● WHAT THIS TASK INVOLVES: Once you find the line containing "this 1280×1280 image.", set down exactly that line and every one after it through the end of the listing below, with both ends included and any pictures omitted.

● SUPPLIED RECORDS:

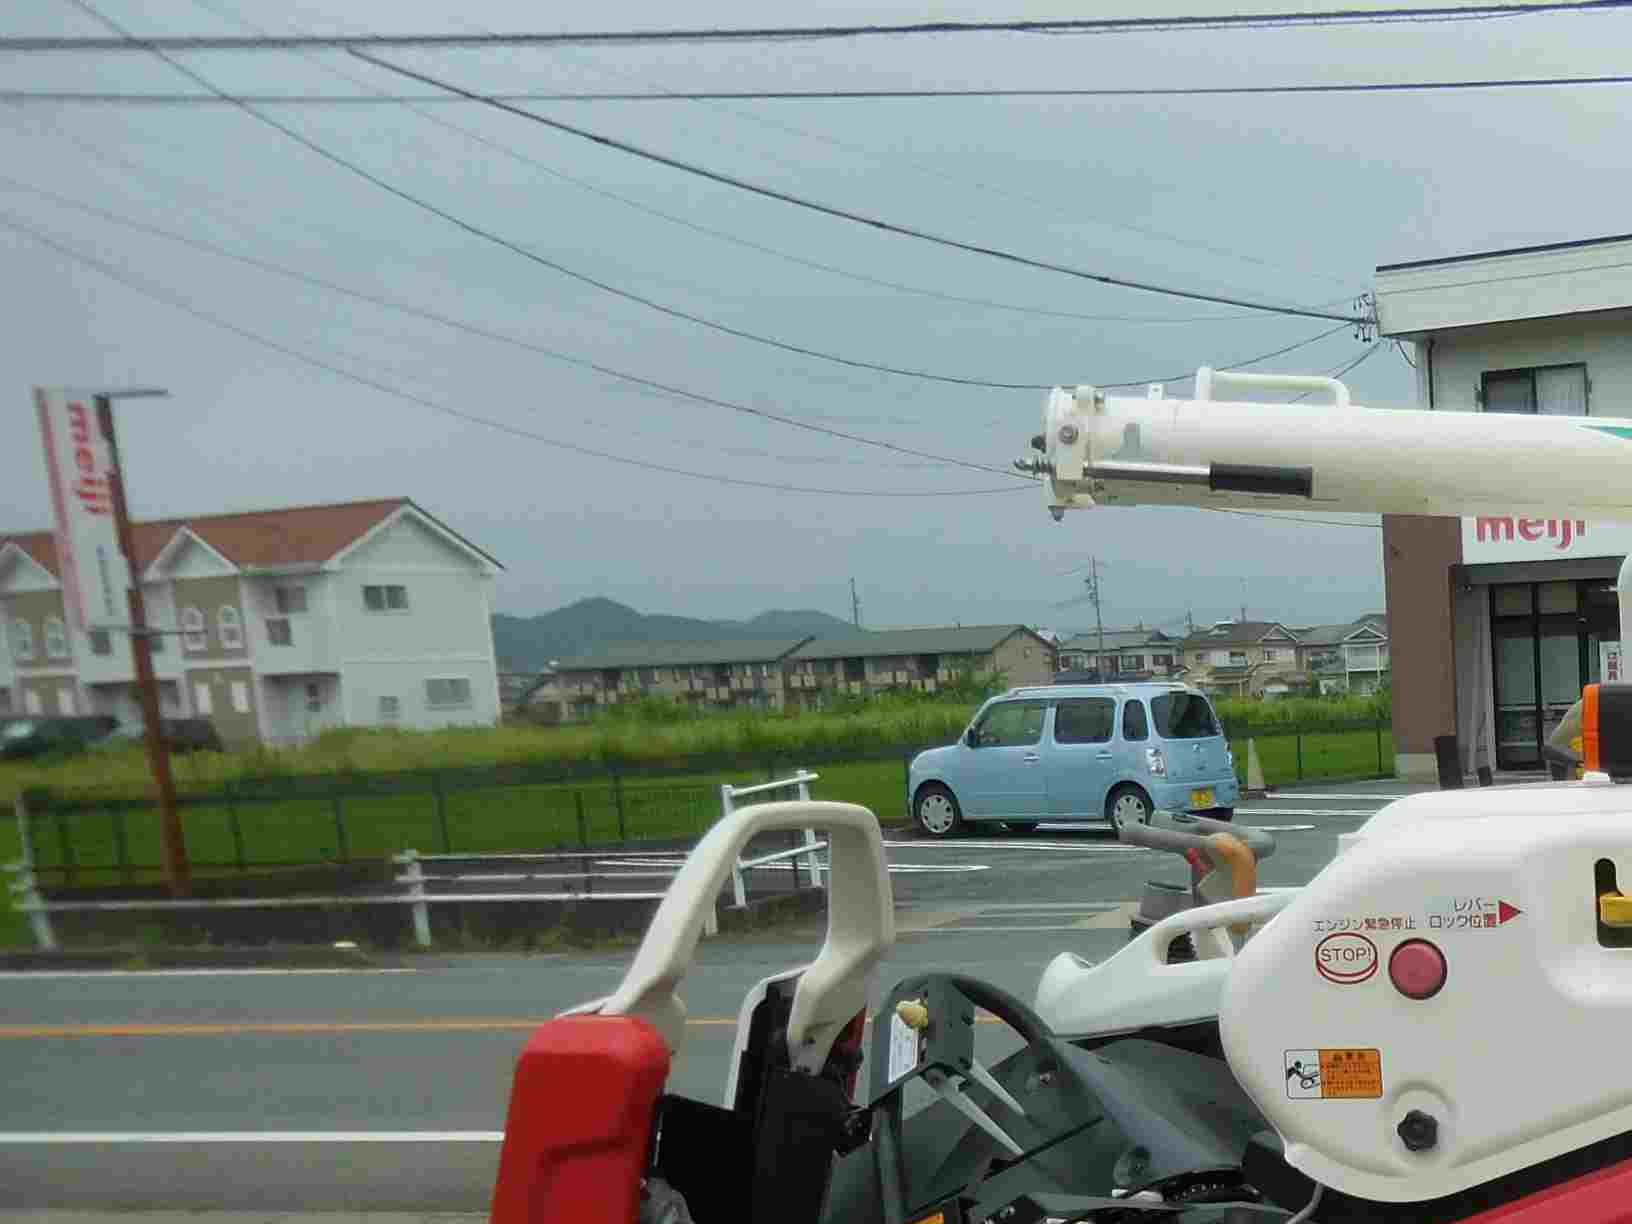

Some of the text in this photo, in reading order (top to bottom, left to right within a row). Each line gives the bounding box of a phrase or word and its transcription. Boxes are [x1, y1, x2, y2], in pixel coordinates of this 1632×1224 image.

[1453, 897, 1496, 911] レバー
[1313, 916, 1416, 932] エンジン緊急停止
[1429, 913, 1496, 929] ロック位置
[1320, 946, 1371, 962] STOP!
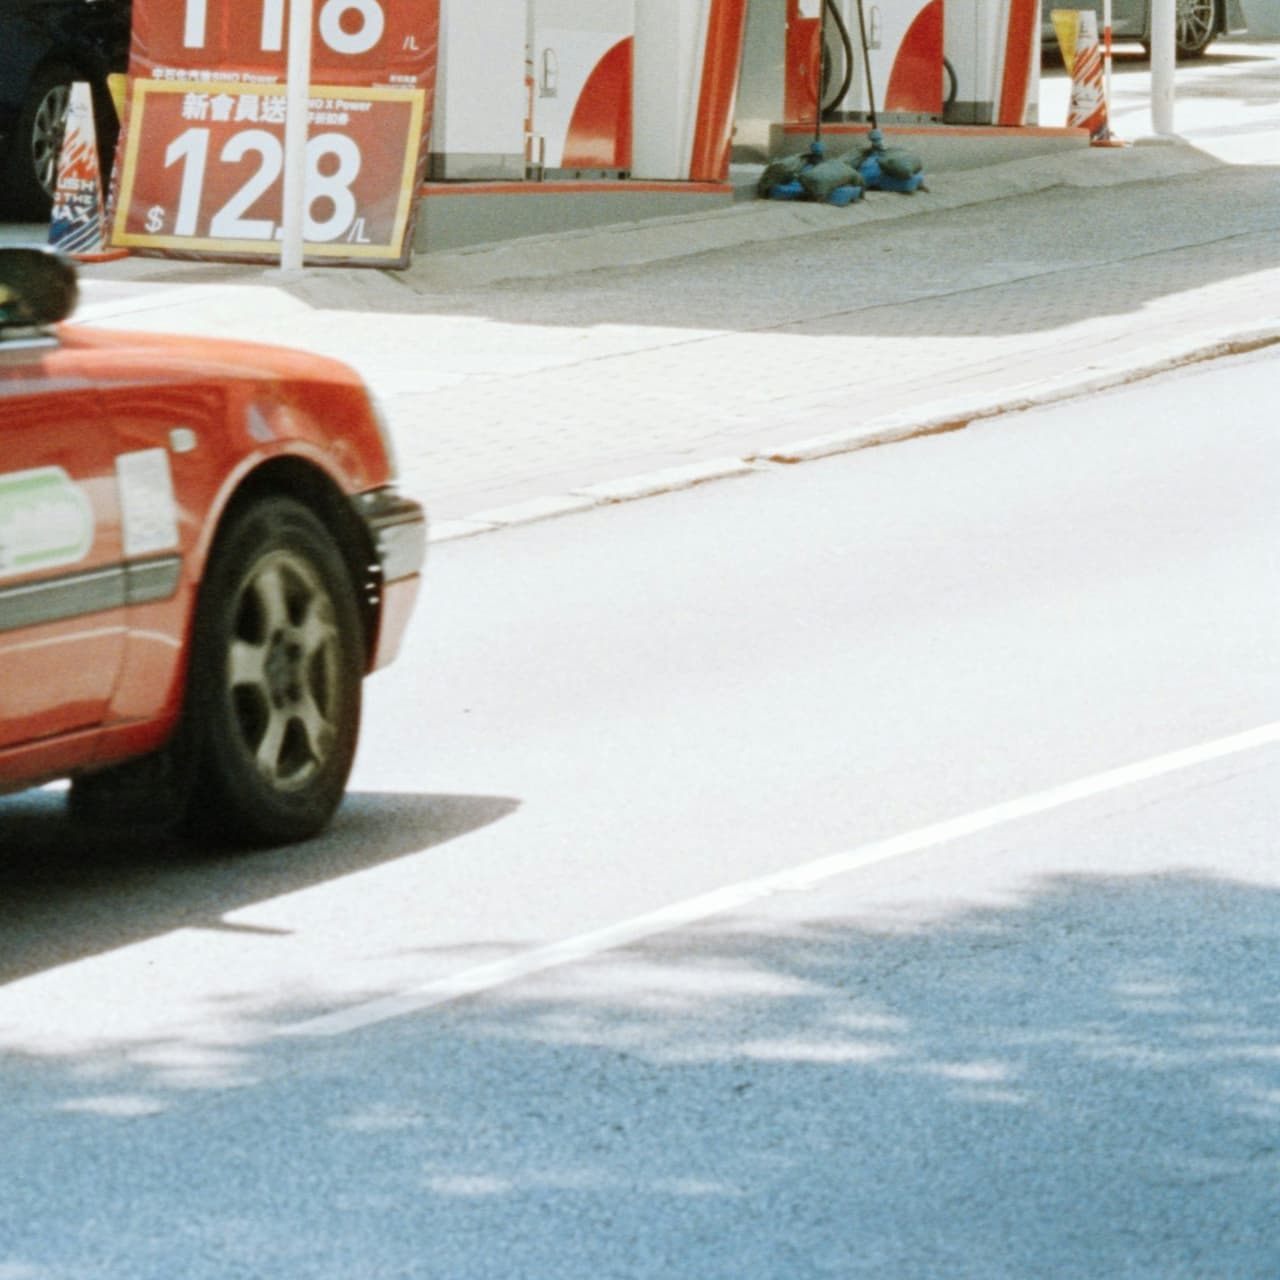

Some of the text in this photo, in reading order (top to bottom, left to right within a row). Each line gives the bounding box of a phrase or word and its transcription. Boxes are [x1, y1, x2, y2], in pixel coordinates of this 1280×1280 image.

[182, 91, 288, 123] 新會員送
[335, 100, 372, 113] Power
[145, 205, 166, 233] $
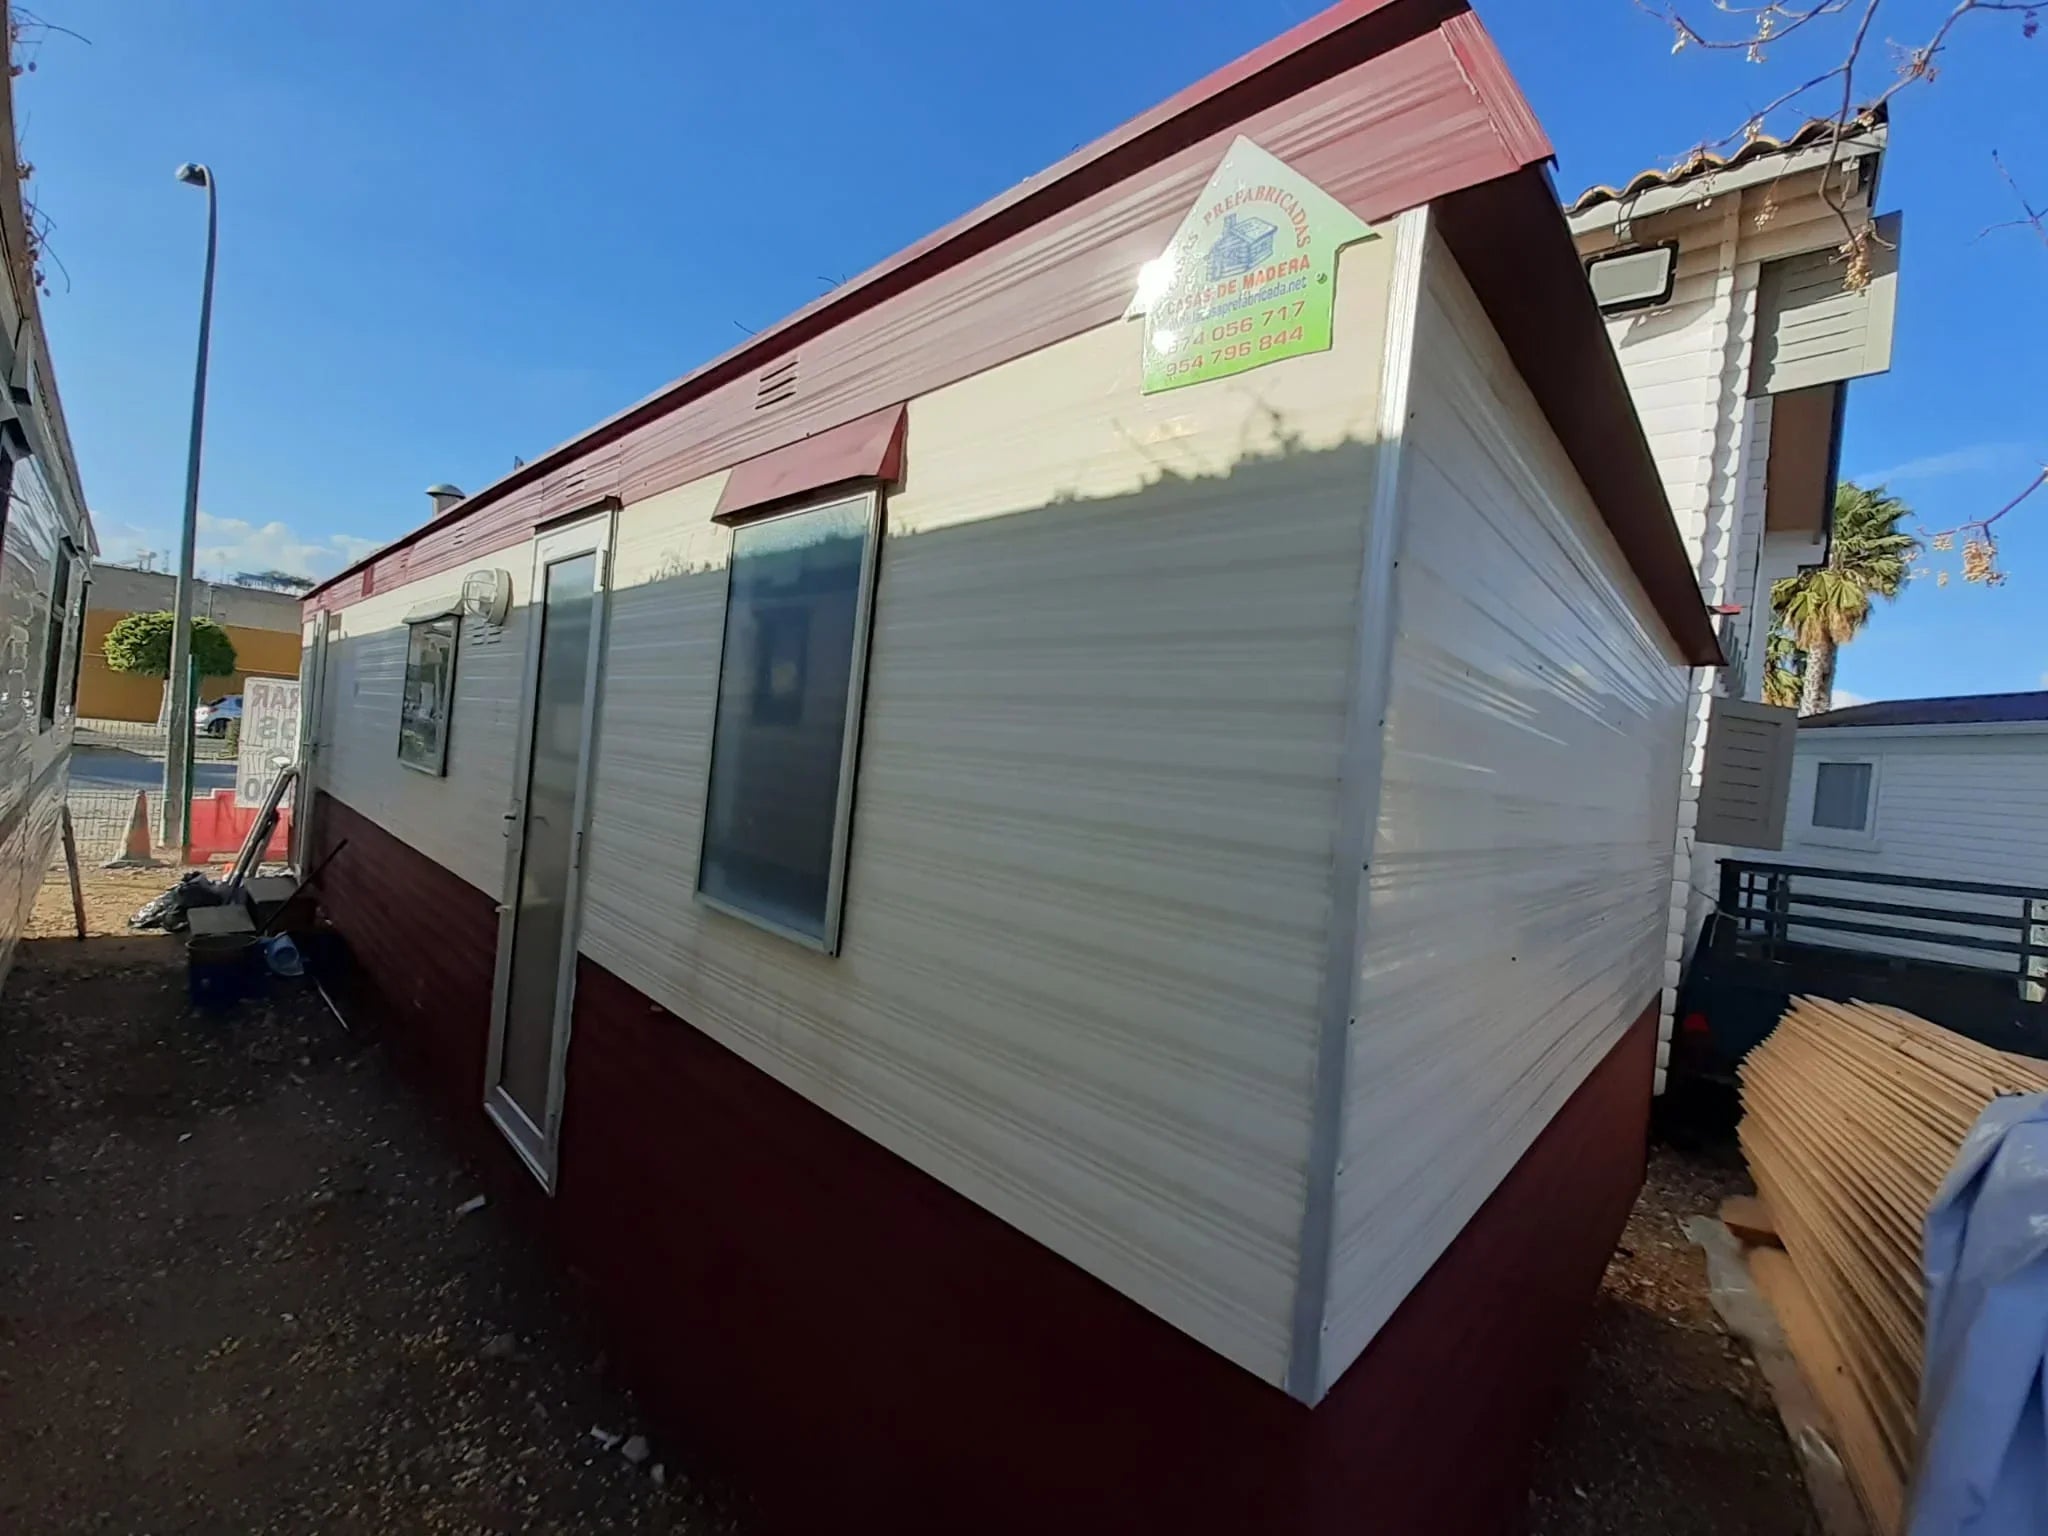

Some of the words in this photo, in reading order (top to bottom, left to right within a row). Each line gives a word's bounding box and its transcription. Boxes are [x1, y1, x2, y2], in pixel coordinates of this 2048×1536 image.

● TASK OUTPUT:
Some of the text in this photo, in reading order (top to bottom, left to right within a row). Each line gives the bounding box of a phrase or word and its transcription. Boxes are [x1, y1, x2, y2], in pixel coordinates of this 1280×1280 image.

[182, 91, 288, 123] 新會員送
[335, 100, 372, 113] Power
[145, 205, 166, 233] $

Some of the words in this photo, in reading order (top to bottom, left to right within a row). Each line gives a word's bounding box and its transcription. Boxes are [x1, y1, x2, y2], in pixel coordinates of this 2048×1536 image.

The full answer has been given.